Beim Crowdfunding stimmten die Vertreterin und der Vertreter der Arbeitnehmerinnen und Arbeitnehmer nicht zu: „Da handelt es sich für die Investoren um das höchstmögliche Risiko, und davor müssen wir die Menschen schützen“, sagte Oberhauser. Als Präsident der Bundesarbeitskammer müsse er die Konsumentinnen und Konsumenten schützen, ergänzte Kaske: „Was ist, wenn das junge Unternehmen pleite geht?“ Dann sei das Geld der Anleger weg. „Die Wahrheit ist: Die meisten jungen Unternehmen gehen in den ersten drei bis fünf Jahren pleite. Wobei: Man gehe auf die junge Wirtschaft zu. Die Grenze, ab der Prospektpflicht besteht, wurde auf 250.000 Euro erhöht.

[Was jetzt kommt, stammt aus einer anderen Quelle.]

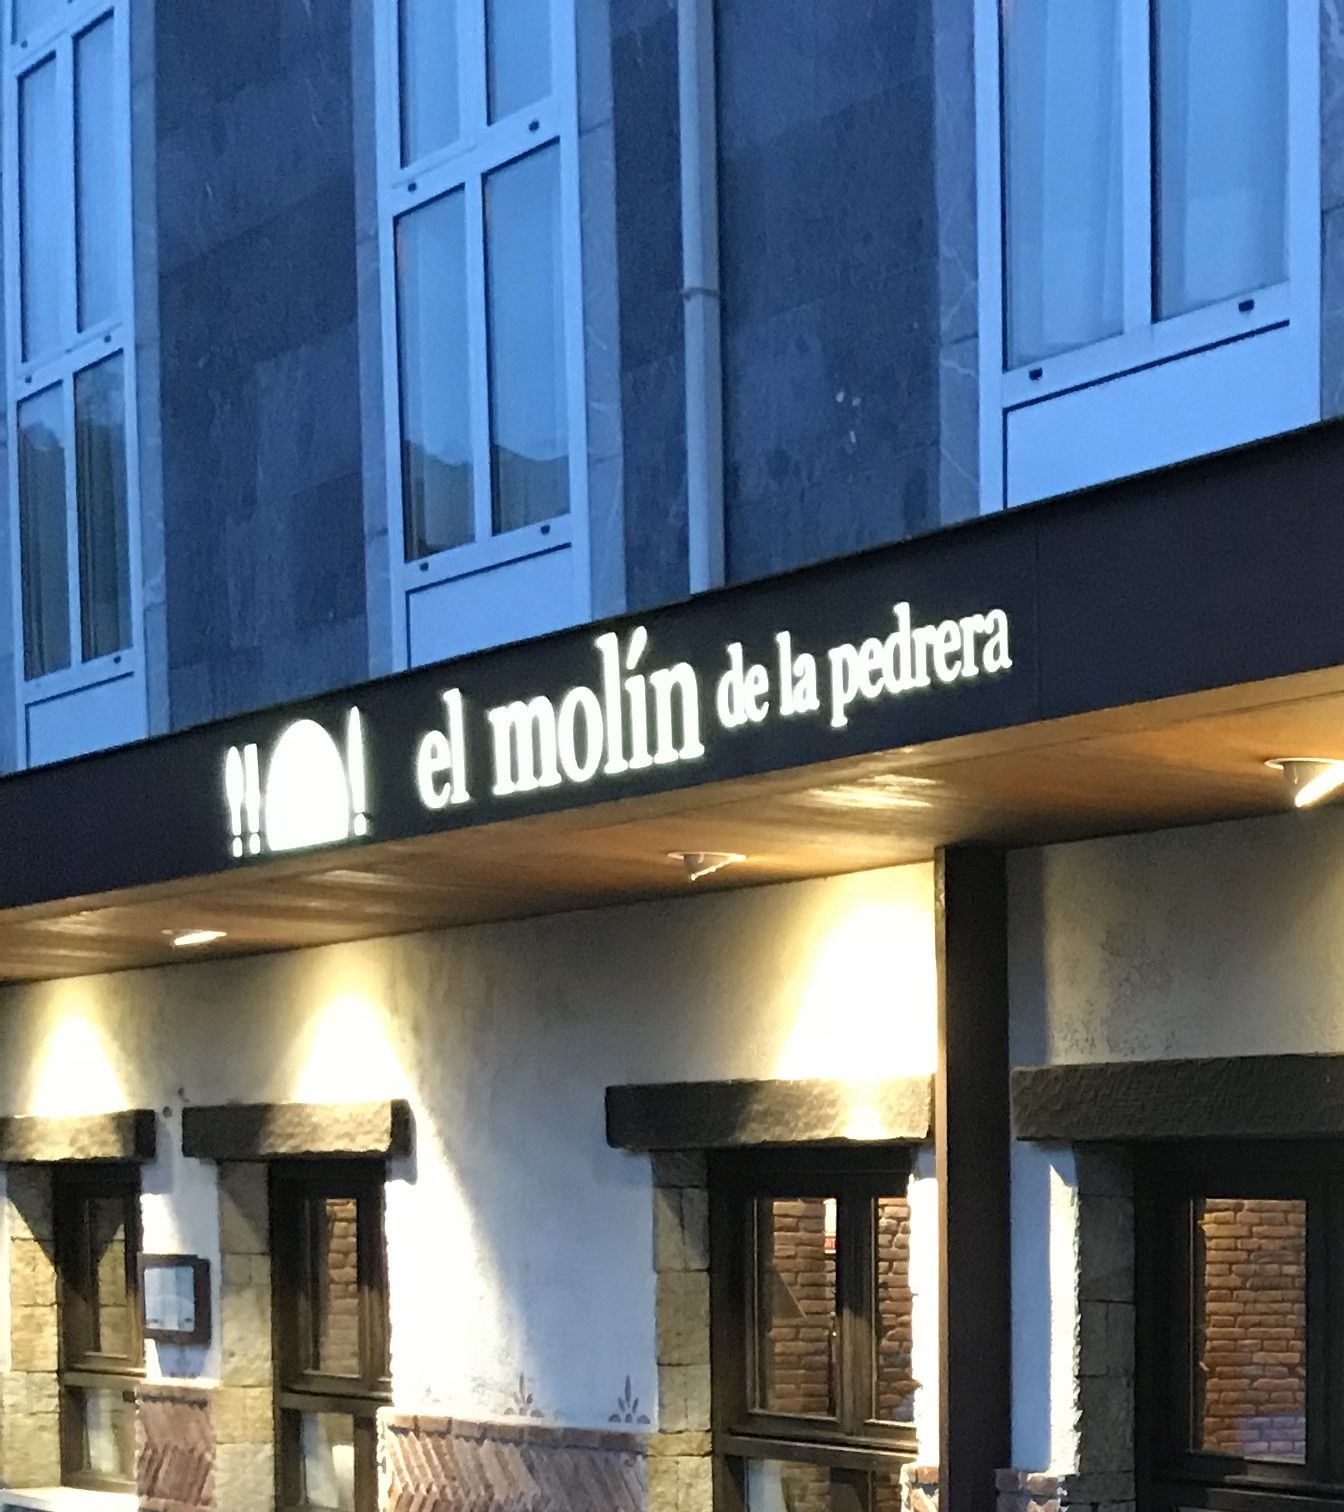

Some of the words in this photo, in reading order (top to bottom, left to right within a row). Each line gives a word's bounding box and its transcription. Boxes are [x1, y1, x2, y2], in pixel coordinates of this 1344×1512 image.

Zum Thema ganztägige Schulformen unterstrich Oberhauser: Diese verhindern die Teilnahme an außerschulischer Jugendarbeit nicht, die Aktivitäten würden dann teilweise in die Abendstunden verlagert, andere Teile mehr in die Schule hineinrutschen. Dass das funktioniert, sehe man an Beispielen wie Frankreich, wo die Ganztagsschule seit langem die Normalität ist. AK-Präsident Kaske hielt fest, dass es wichtig sei, dass Lernen künftig in der Schule stattfindet und Nachhilfe - wofür derzeit mehr als 100 Millionen Euro im Jahr ausgegeben werde - der Vergangenheit angehöre. Landjugend-Bundesleiter Zuser hob in diesem Zusammenhang die Bedeutung des Sozialpartner-Papiers hervor und plädierte dafür, außerschulische Bildung zu stärken und Jugendarbeit von Verbänden zu fördern.